Review by Audience feedback (April 2016)
“It was so atmospheric, the lights, sound effects and music were just fantastic. This is a must see” - ★★★★
“Such a lovely story presented in a wonderfully beautiful and simplistic style” - ★★★★
“A powerful and emotional production, performed so professionally by a very talented group of actors” - ★★★★
“I was so impressed that I'm coming back this evening and I'm bringing my niece” - ★★★★
“I've seen a lot of amateur theatre but this was the best production i've ever seen” - ★★★★★
“A delightful production which my children haven't stopped talking about. Full of magic and energy with a surprise ending that was incredibly moving” - ★★★★★
“It's rare to see a play that appeals this well to all ages” - ★★★★
“An imaginitive use of the space. This was better than a professional West-End production I saw last night” - ★★★★
Review by Heather Morgan and Ken Mason (April 2016)
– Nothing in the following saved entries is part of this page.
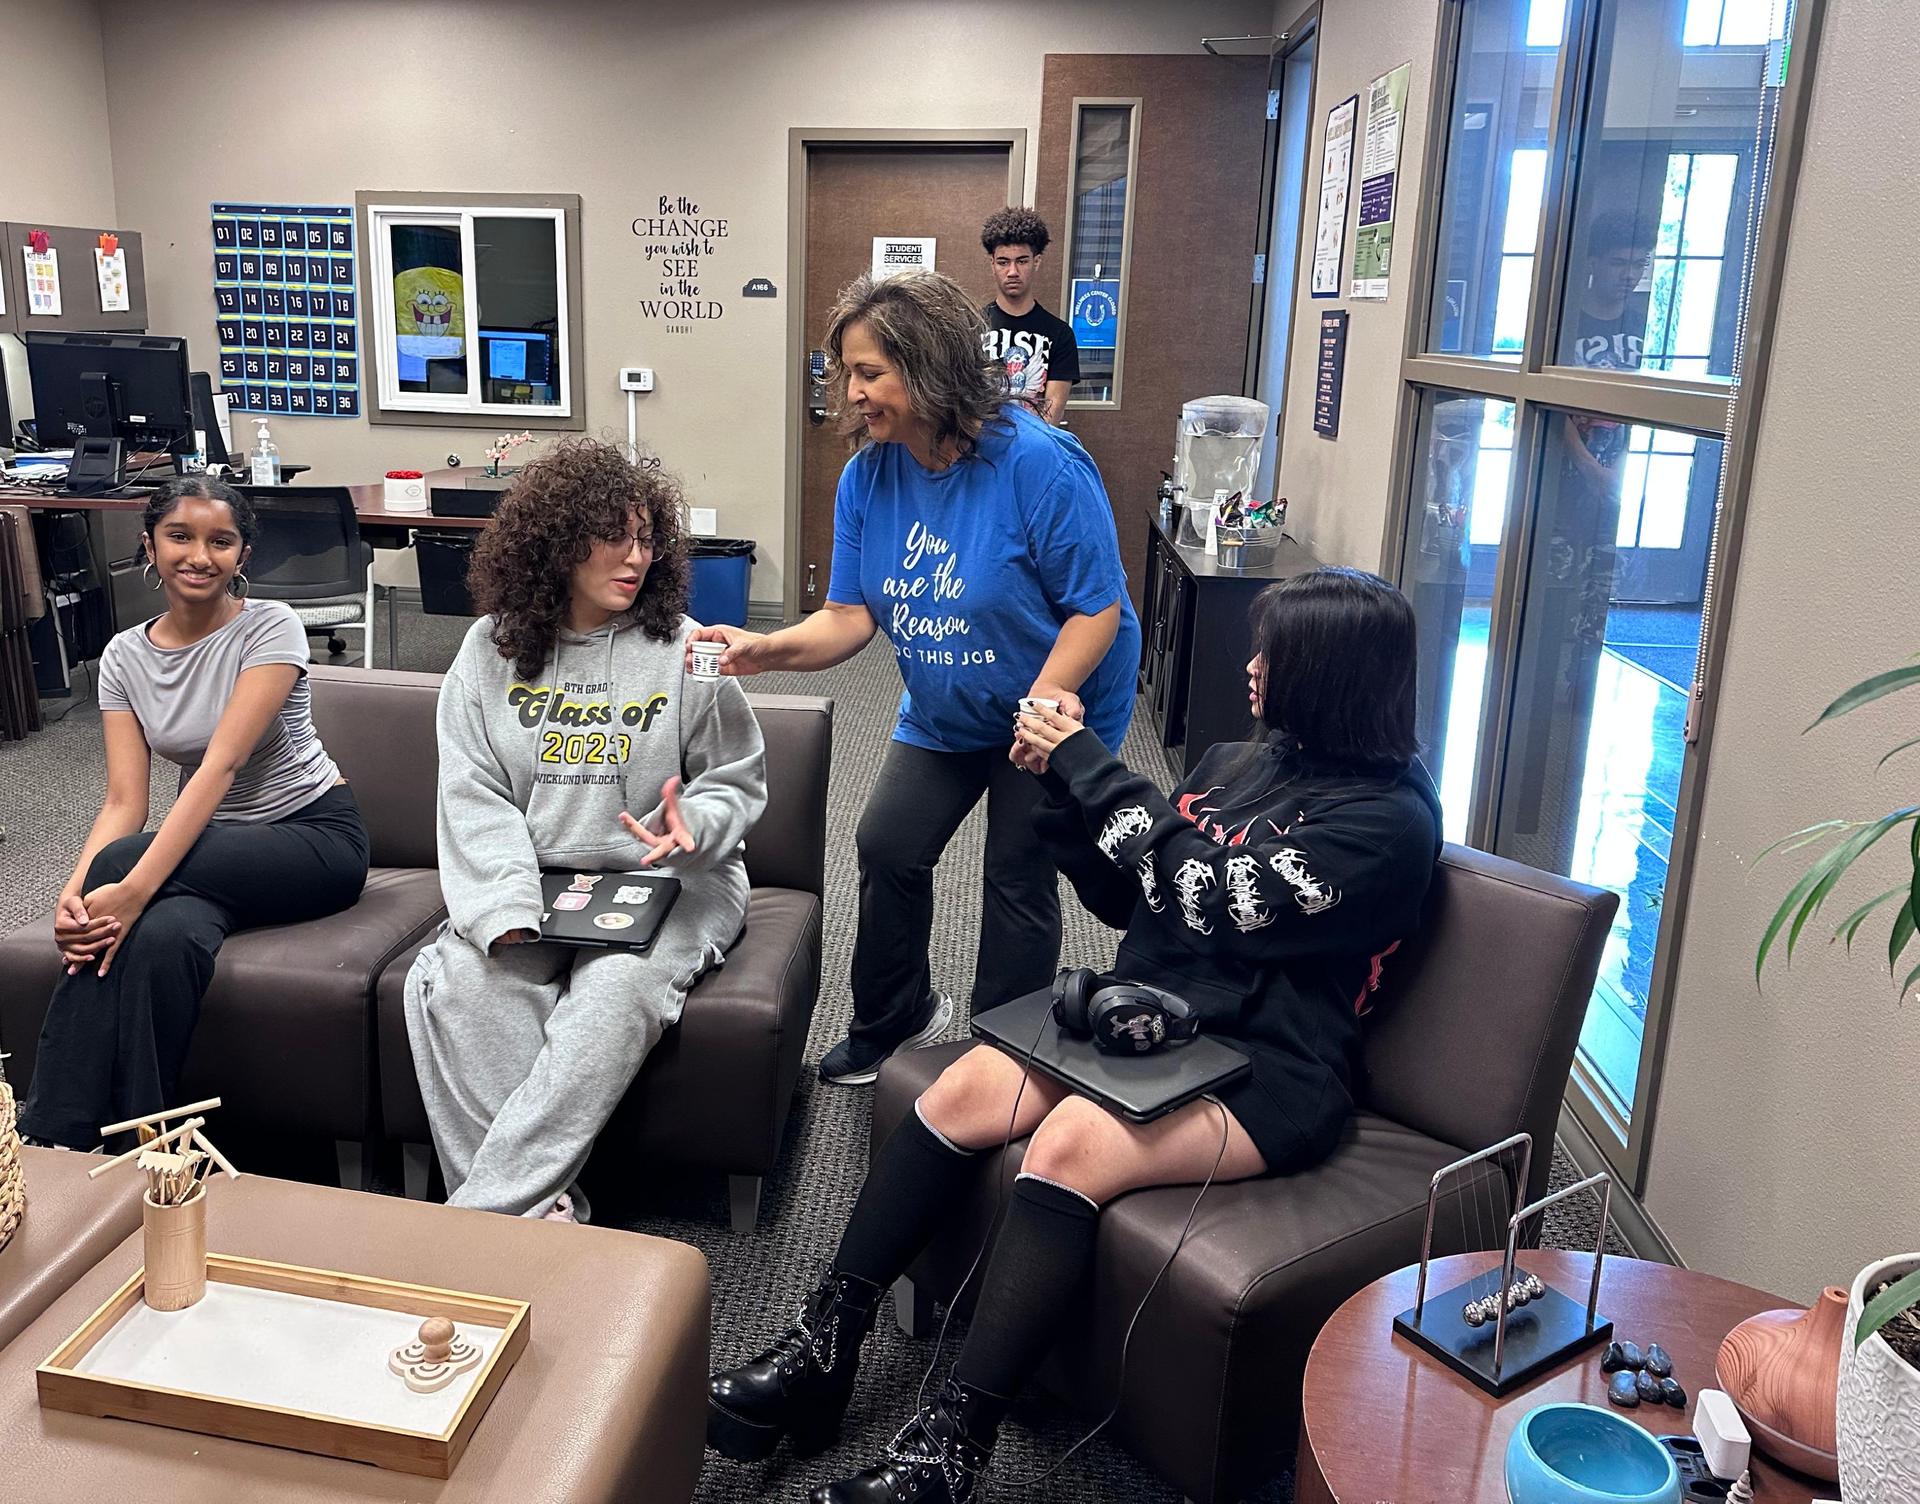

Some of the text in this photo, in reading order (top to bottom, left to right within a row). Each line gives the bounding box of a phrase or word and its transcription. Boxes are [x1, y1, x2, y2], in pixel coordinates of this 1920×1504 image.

[659, 195, 700, 216] Be the
[217, 228, 344, 243] 01 02 03 04 05 06
[632, 218, 729, 238] CHANGE
[644, 238, 715, 261] you wish to
[886, 244, 922, 253] STUDENT
[884, 254, 923, 264] SERVICES
[220, 262, 346, 278] 07 08 09 10 11 12
[662, 259, 699, 278] SEE
[660, 279, 701, 297] in the
[221, 294, 348, 311] 13 14 15 16 17 18
[641, 300, 723, 320] WORLD
[1075, 290, 1118, 316] WELLNESS CENTER CLOSED
[222, 328, 348, 344] 19 20 21 22 23 24
[666, 324, 693, 334] GANDHI
[223, 361, 349, 376] 25 26 27 28 29 30
[229, 393, 350, 408] 31 32 33 34 35 36
[903, 521, 950, 570] You
[882, 552, 966, 602] are the
[892, 602, 970, 641] Reason
[917, 649, 954, 665] THIS
[961, 649, 996, 666] JOB
[564, 682, 613, 694] 8TH GRAD
[508, 683, 669, 733] Class of
[541, 731, 632, 765] 2023
[535, 773, 628, 785] WICKLUND WILDCAT
Tom's Midnight Garden, directed by Bill Compton, had a minimal but very effective setting, consisting of three sets of door frames, angled to give perspective, a realistic tree trunk centre backstage, a small bedroom on one side and a grandfather clock on the other (positioned downstage right an somewhat too close to the tabs). The handling of the props was mimed which worked well for keeping the flow of this well-known ghost story.
Creating an environment with haze and low lighting works, provided the actors are lit well enough to see their faces clearly, especially for those with lighter voices that may not carry to the back of the auditorium. Some of the narrative was lost due to this. Also, when there is very low lighting and the actors are dressed in dark costumes against a black background, it can have the effect of disembodied talking heads moving about the stage. Full marks to Jack Tidball and team for creating such a magnificent tree as well as the malfunctioning grandfather clock which played such important parts in the story.
The central roles of Tom (Alexander Farley) and Hatty (Emily Dixon) played the young people with sensitivity, their delight in meeting each other and getting scrapes together deepening into innocent affection. The supporting ensemble worked well together, some of them doubling up to play several roles. Particularly pleasing was the contrast drawn between the two Aunts: Jennie Hilliard's Aunt Grace being cold and hard-hearted, while Rachel Pratt's Aunt Gwen was warm and welcoming.
The three ages of Hattie worked well: Jennie Hilliard (doubling as the older woman), Emily Dixon (the younger) and Idun Compton as the youngest Hattie, stealing her scenes and showing no sign of stage fright as she marched, straight-backed across the stage to confront the clock. Make a note of this four year-old. Obviously a rising star.
James Hall's original music, played by him on the keyboard and with Hayley Scurll on viola, created just the right atmosphere for the imaginary world.
The production provided an entertaining evening. Thank you YAT. It was a shame it was not supported by a larger audience.